We even had this problem at NITI, and it was a bad one. In fact, we had two wikis: the internal-only NitWiki, and the public now-defunct OpenNit (open.nit.ca) wiki. In theory, we were supposed to put all our public-facing stuff in OpenNit, and all the private stuff in NitWiki. But it didn't work because you never knew quite what would be "private" until it happened. What if you're discussing something in public, but you want to add a related comment about some private project we're working on that we haven't announced yet? It kills the discussion. Or more likely, it results in all discussions just being done on the internal-only wiki, which is mostly what happened.

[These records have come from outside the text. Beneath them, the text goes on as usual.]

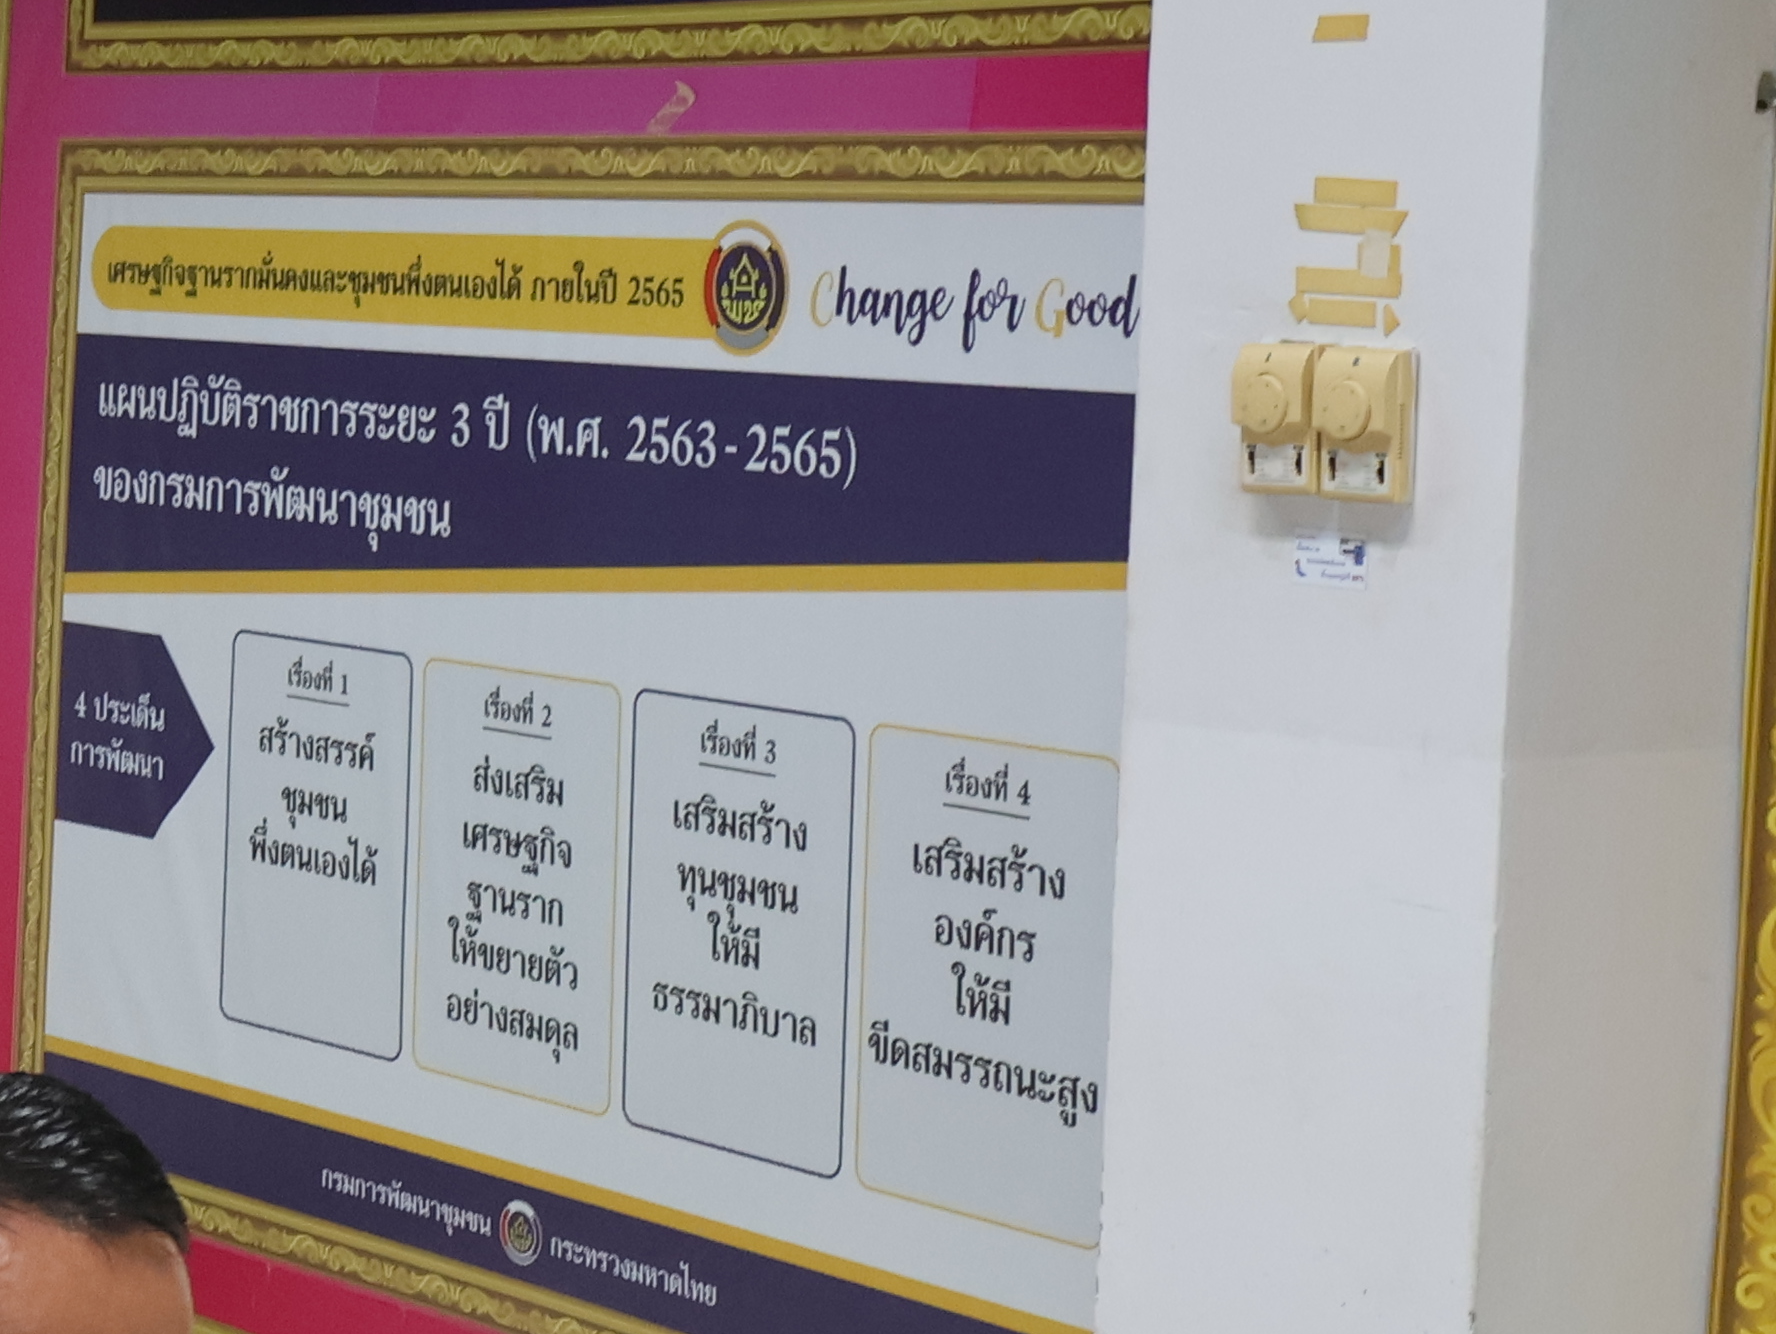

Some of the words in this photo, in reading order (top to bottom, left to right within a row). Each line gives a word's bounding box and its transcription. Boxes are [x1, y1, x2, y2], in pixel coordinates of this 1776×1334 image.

[107, 250, 521, 310] เศรษฐกิจฐานรากมั่นคงและชุมชนพึ่งตนเองได้
[530, 260, 619, 306] ภายในปี
[626, 275, 685, 308] 2565
[809, 265, 954, 347] Change
[960, 267, 1028, 353] for
[1035, 273, 1141, 340] Good
[97, 372, 438, 446] แผนปฏิบัติราชการระยะ
[451, 400, 472, 448] 3
[485, 391, 510, 451] ปี
[525, 403, 610, 465] (พ.ศ.
[93, 464, 453, 552] ของกรมการพัฒนาชุมชน
[286, 655, 335, 695] เรื่องที่
[339, 671, 349, 697] 1
[73, 692, 89, 719] 4
[93, 686, 167, 735] ประเด็น
[483, 688, 536, 727] เรื่องที่
[540, 703, 553, 729] 2
[70, 736, 166, 782] การพัฒนา
[258, 718, 377, 773] สร้างสรรค์
[699, 719, 757, 763] เรื่องที่
[764, 736, 777, 765] 3
[280, 782, 348, 831] ชุมชน
[472, 756, 565, 809] ส่งเสริม
[944, 758, 1010, 805] เรื่องที่
[1016, 777, 1032, 807] 4
[461, 817, 573, 878] เศรษฐกิจ
[672, 796, 810, 854] เสริมสร้าง
[248, 827, 379, 888] พึ่งตนเองได้
[912, 838, 1067, 901] เสริมสร้าง
[466, 877, 565, 930] ฐานราก
[676, 858, 800, 919] ทุนชุมชน
[447, 915, 581, 993] ให้ขยายตัว
[706, 910, 762, 971] ให้มี
[933, 908, 1037, 965] องค์กร
[650, 978, 818, 1049] ธรรมาภิบาล
[950, 963, 1014, 1027] ให้มี
[445, 988, 580, 1065] อย่างสมดุล
[867, 1021, 1100, 1128] ขีดสมรรถนะสูง
[320, 1163, 493, 1241] กรมการพัฒนาชุมชน
[549, 1228, 719, 1310] กระทรวงมหาดไทย
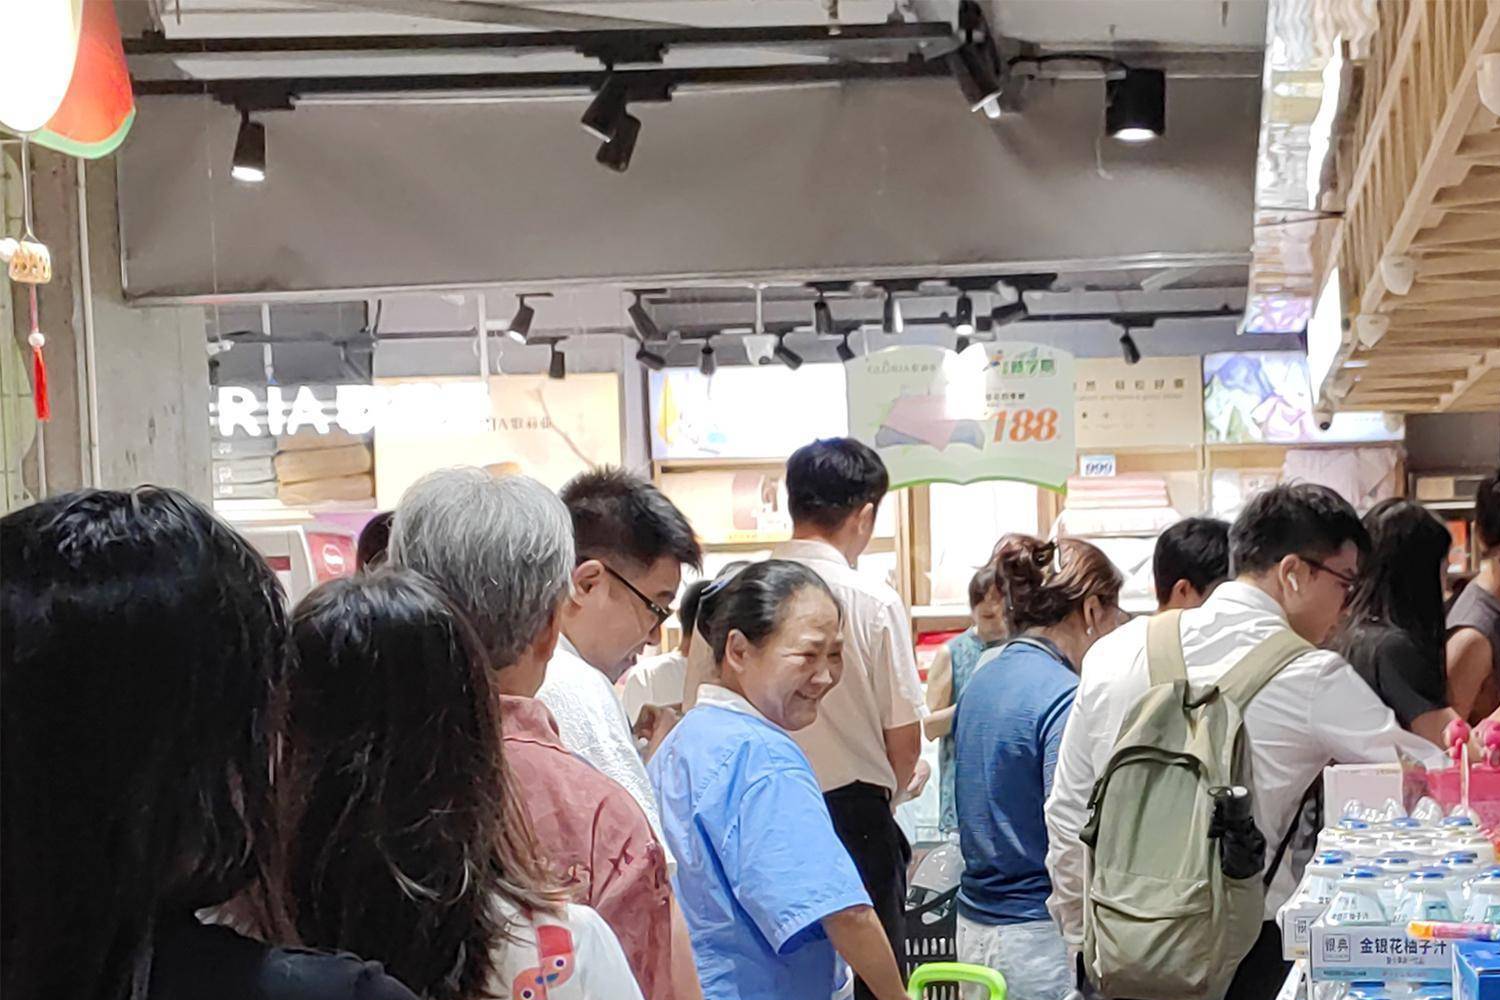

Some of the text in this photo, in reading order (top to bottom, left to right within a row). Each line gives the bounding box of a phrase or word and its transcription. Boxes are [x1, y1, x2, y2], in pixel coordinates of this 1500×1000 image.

[209, 386, 330, 436] RIA
[993, 408, 1058, 444] 188
[1360, 937, 1447, 956] 金银花柚子汁
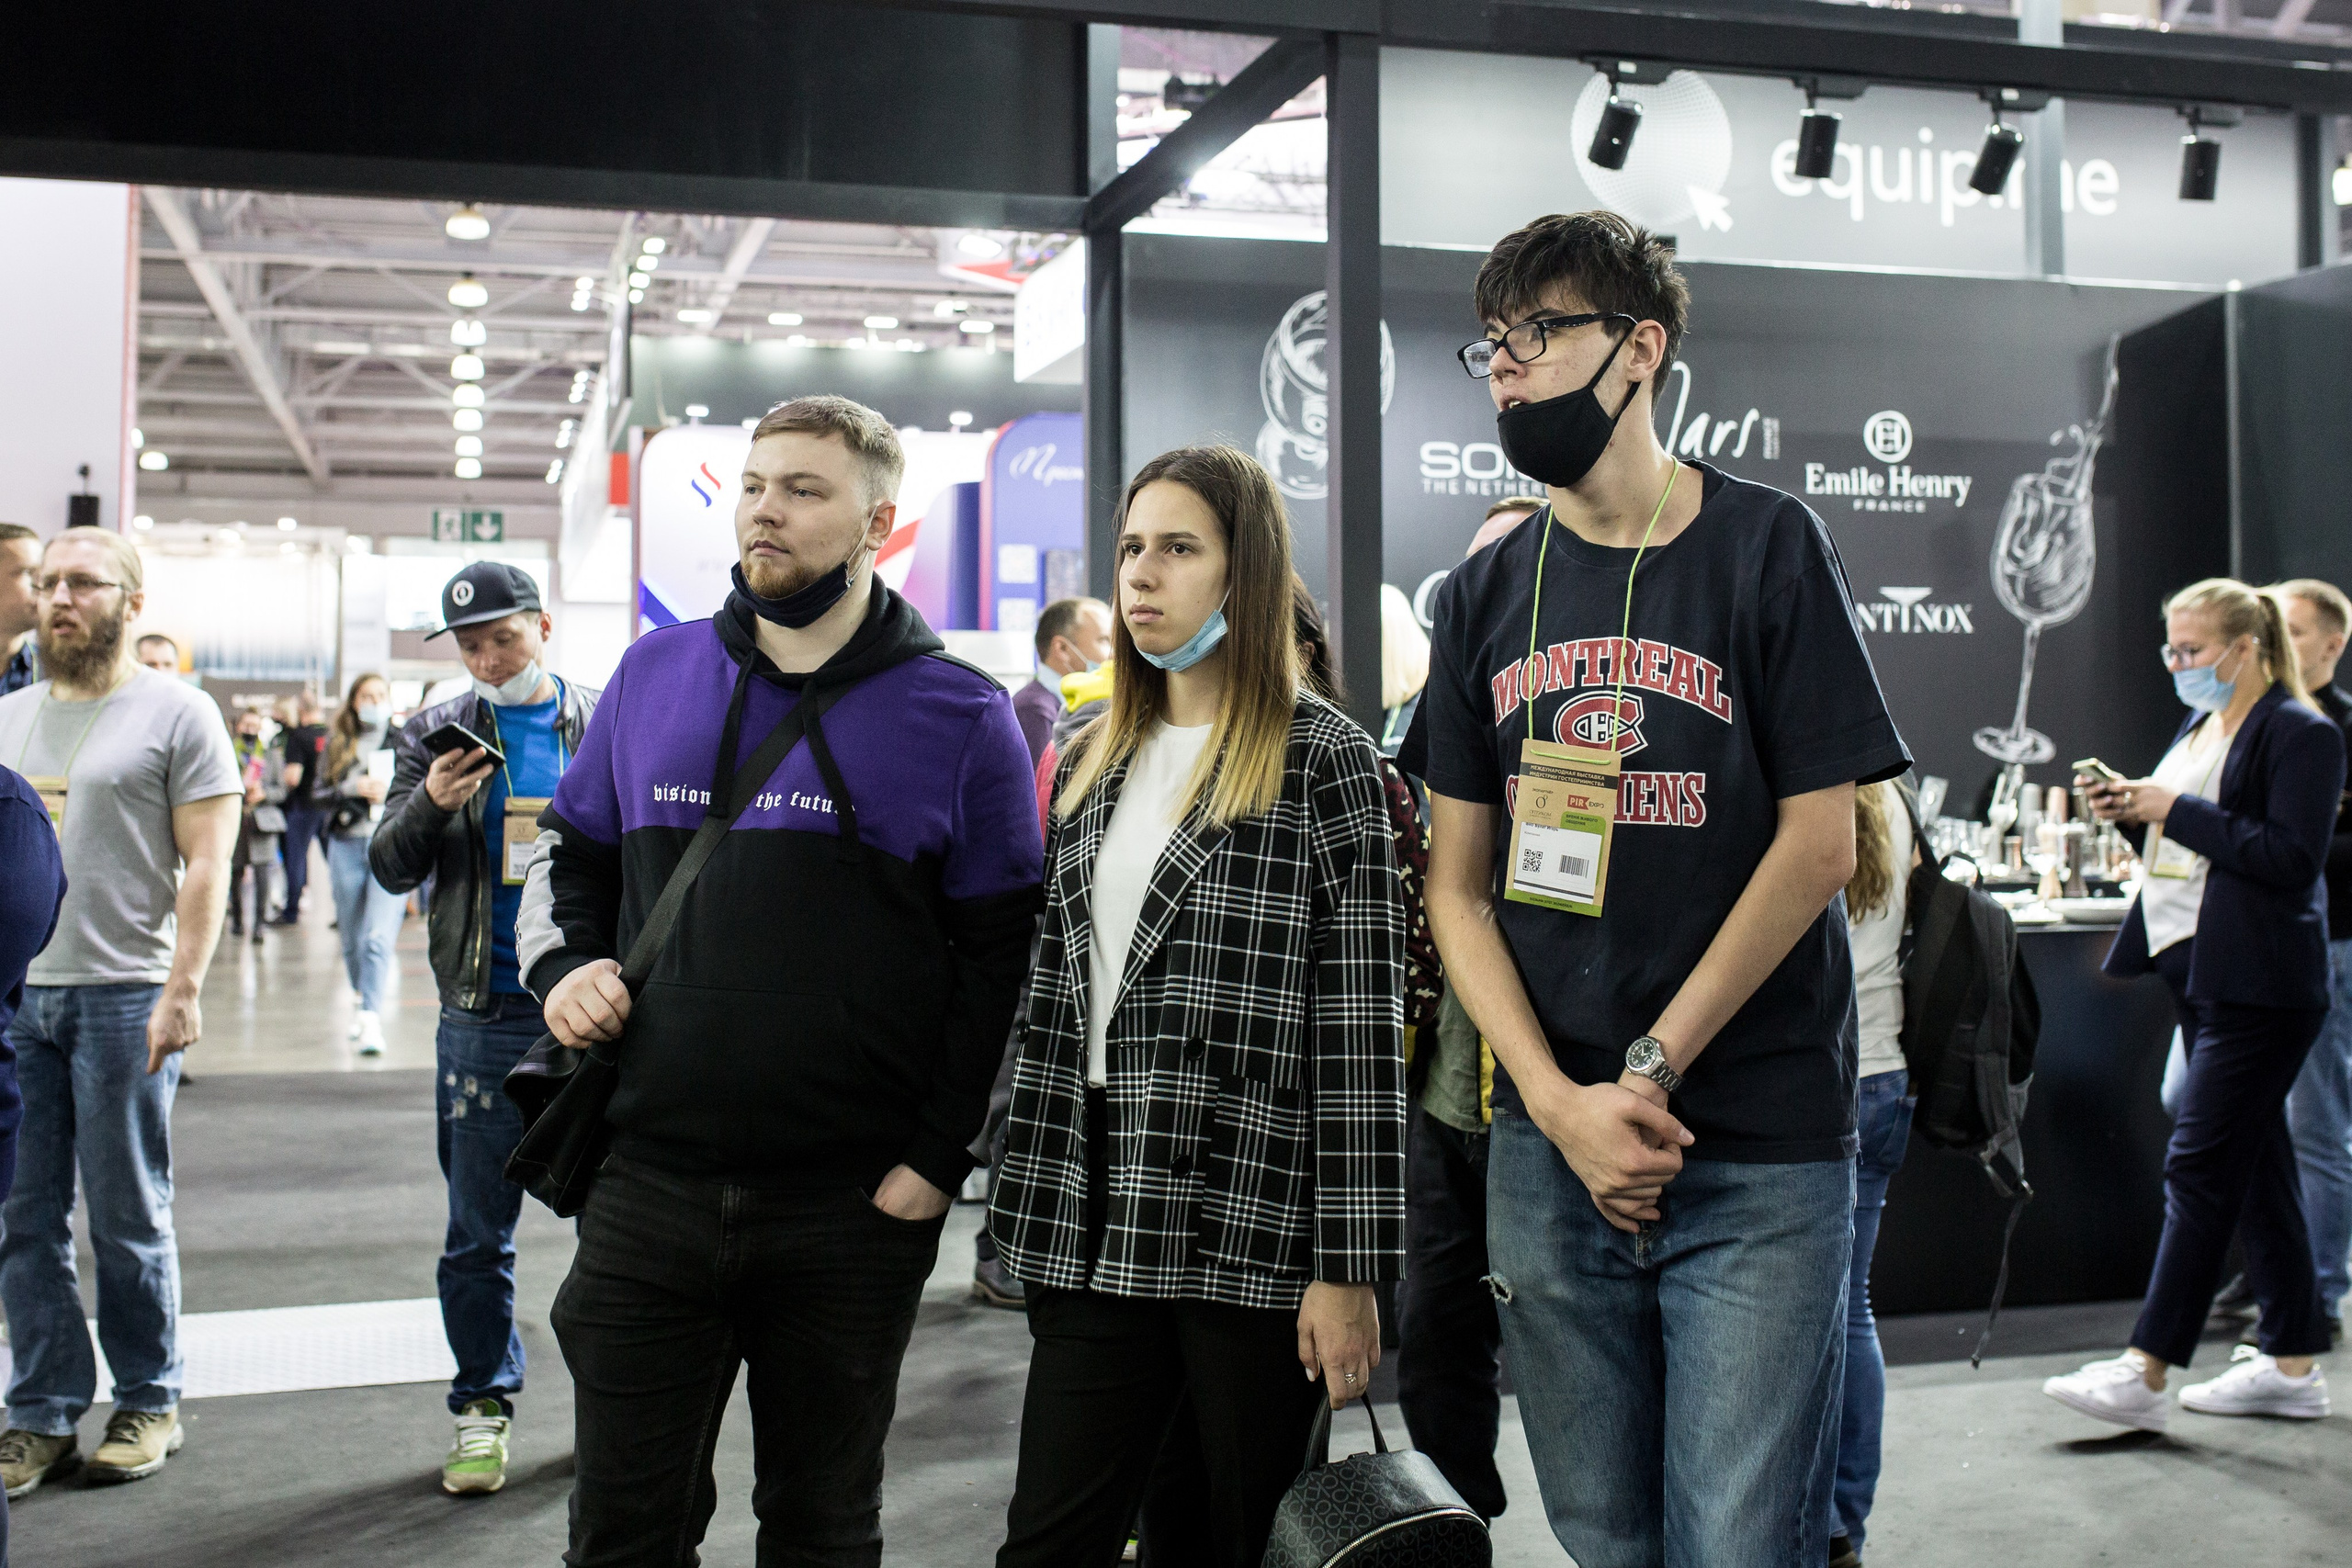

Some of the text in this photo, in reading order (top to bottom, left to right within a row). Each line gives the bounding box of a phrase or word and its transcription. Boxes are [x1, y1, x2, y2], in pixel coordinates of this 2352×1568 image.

[1422, 479, 1546, 497] THE NETHER
[1804, 462, 1973, 507] Emile Henry
[1852, 499, 1927, 513] FRANCE
[1856, 603, 1973, 634] NTINOX
[1491, 636, 1733, 728] MONTREAL
[755, 792, 782, 811] the
[1569, 796, 1585, 807] PIR

Internally, we had some really great documentation. But the documentation of our open source stuff was mostly garbage, because it was mostly on the internal-only site and nobody internally visited the public one.

We never solved this problem. I wish we had; our NitWiki was fun enough that I would have liked to share it with more people. Of course, people would have been more afraid to post if they had to do it in front of everyone on the Internet, so making it public never would have worked.

How do you create a vibrant community, but allow for private topics and discussion, but allow for public topics and discussion, and allow me to work for more than one company at a time with multiple private discussions, and have my WikiWords always end up pointing where they're supposed to?

I have no idea.

Dear Internet: please invent the solution to that for me. Thanks.

P.S. You don't get any bonus points for saying, "The answer is Google; just blog about it, don't worry about hyperlinks, and let Google full-text index the rest." That answer is funny, but it doesn't work for my private stuff.